Repeat the listing exactly. The images do not belong in the copy.

>>>

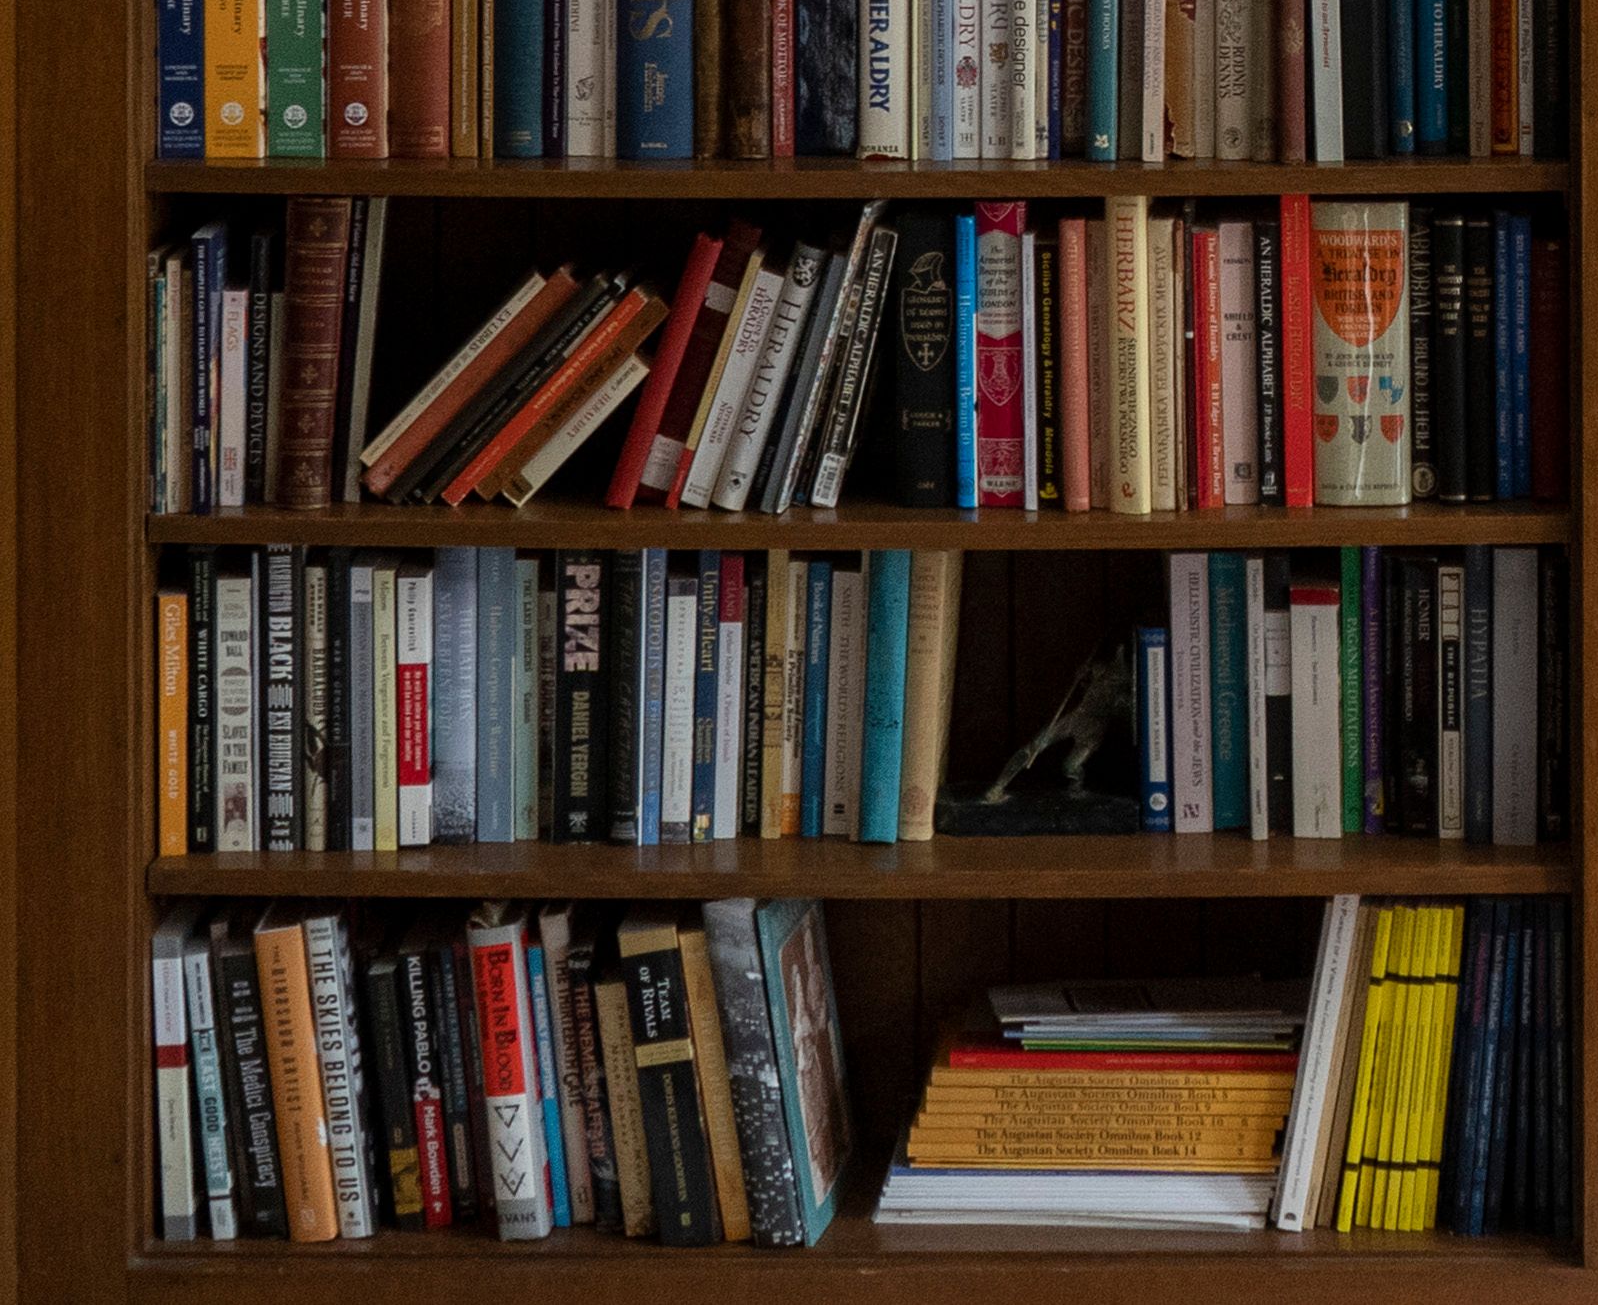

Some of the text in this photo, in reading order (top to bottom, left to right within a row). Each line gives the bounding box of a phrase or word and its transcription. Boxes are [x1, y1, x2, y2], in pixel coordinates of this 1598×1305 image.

[1012, 16, 1030, 89] designer
[1116, 215, 1136, 335] HERBARZ
[250, 293, 267, 464] DESIGNS AND DEVICES
[166, 604, 181, 695] Giles Milton
[270, 616, 293, 680] BLACK
[566, 563, 600, 671] PRIZE
[198, 629, 208, 717] WHITE CARGO
[571, 690, 589, 796] DANIEL YERGIN
[407, 957, 431, 1071] KILLING PABLO
[312, 949, 359, 1200] THE SKIES BELONG TO US
[424, 1105, 442, 1194] Mark Bowden
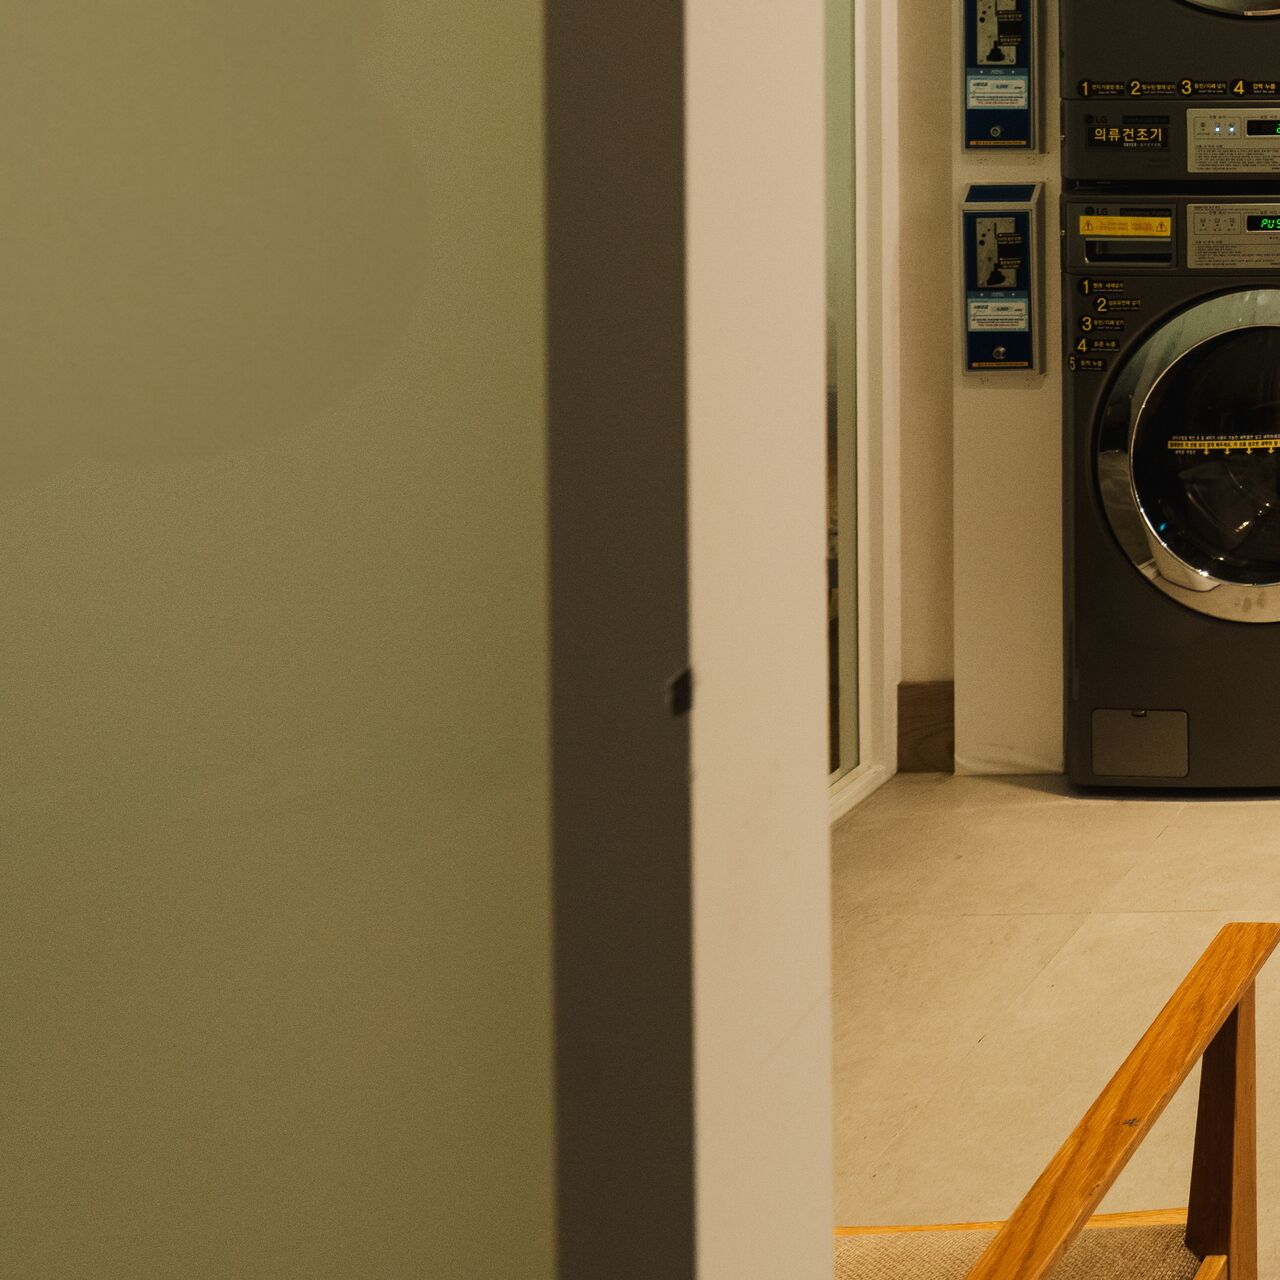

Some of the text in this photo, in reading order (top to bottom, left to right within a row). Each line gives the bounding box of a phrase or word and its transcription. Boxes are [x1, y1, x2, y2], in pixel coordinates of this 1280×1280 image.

[1083, 81, 1088, 96] 1
[1131, 81, 1141, 95] 2
[1181, 80, 1192, 94] 3
[1234, 80, 1244, 94] 4
[1094, 128, 1162, 142] 의류건조기
[1083, 280, 1088, 294] 1
[1097, 298, 1107, 312] 2
[1082, 317, 1092, 331] 3
[1077, 338, 1087, 352] 4
[1070, 356, 1076, 370] 5

<<<

> **SOLVED EXERCISE**:
Some of the text in this photo, in reading order (top to bottom, left to right within a row). Each line gives the bounding box of a phrase or word and its transcription. Boxes are [x1, y1, x2, y2], in pixel coordinates of this 1598×1305 image.

[1012, 16, 1030, 89] designer
[1116, 215, 1136, 335] HERBARZ
[250, 293, 267, 464] DESIGNS AND DEVICES
[166, 604, 181, 695] Giles Milton
[270, 616, 293, 680] BLACK
[566, 563, 600, 671] PRIZE
[198, 629, 208, 717] WHITE CARGO
[571, 690, 589, 796] DANIEL YERGIN
[407, 957, 431, 1071] KILLING PABLO
[312, 949, 359, 1200] THE SKIES BELONG TO US
[424, 1105, 442, 1194] Mark Bowden

Some of the text in this photo, in reading order (top to bottom, left to right within a row). Each line gives the bounding box of a phrase or word and its transcription. Boxes are [x1, y1, x2, y2], in pixel coordinates of this 1280×1280 image.

[1083, 81, 1088, 96] 1
[1131, 81, 1141, 95] 2
[1181, 80, 1192, 94] 3
[1234, 80, 1244, 94] 4
[1094, 128, 1162, 142] 의류건조기
[1083, 280, 1088, 294] 1
[1097, 298, 1107, 312] 2
[1082, 317, 1092, 331] 3
[1077, 338, 1087, 352] 4
[1070, 356, 1076, 370] 5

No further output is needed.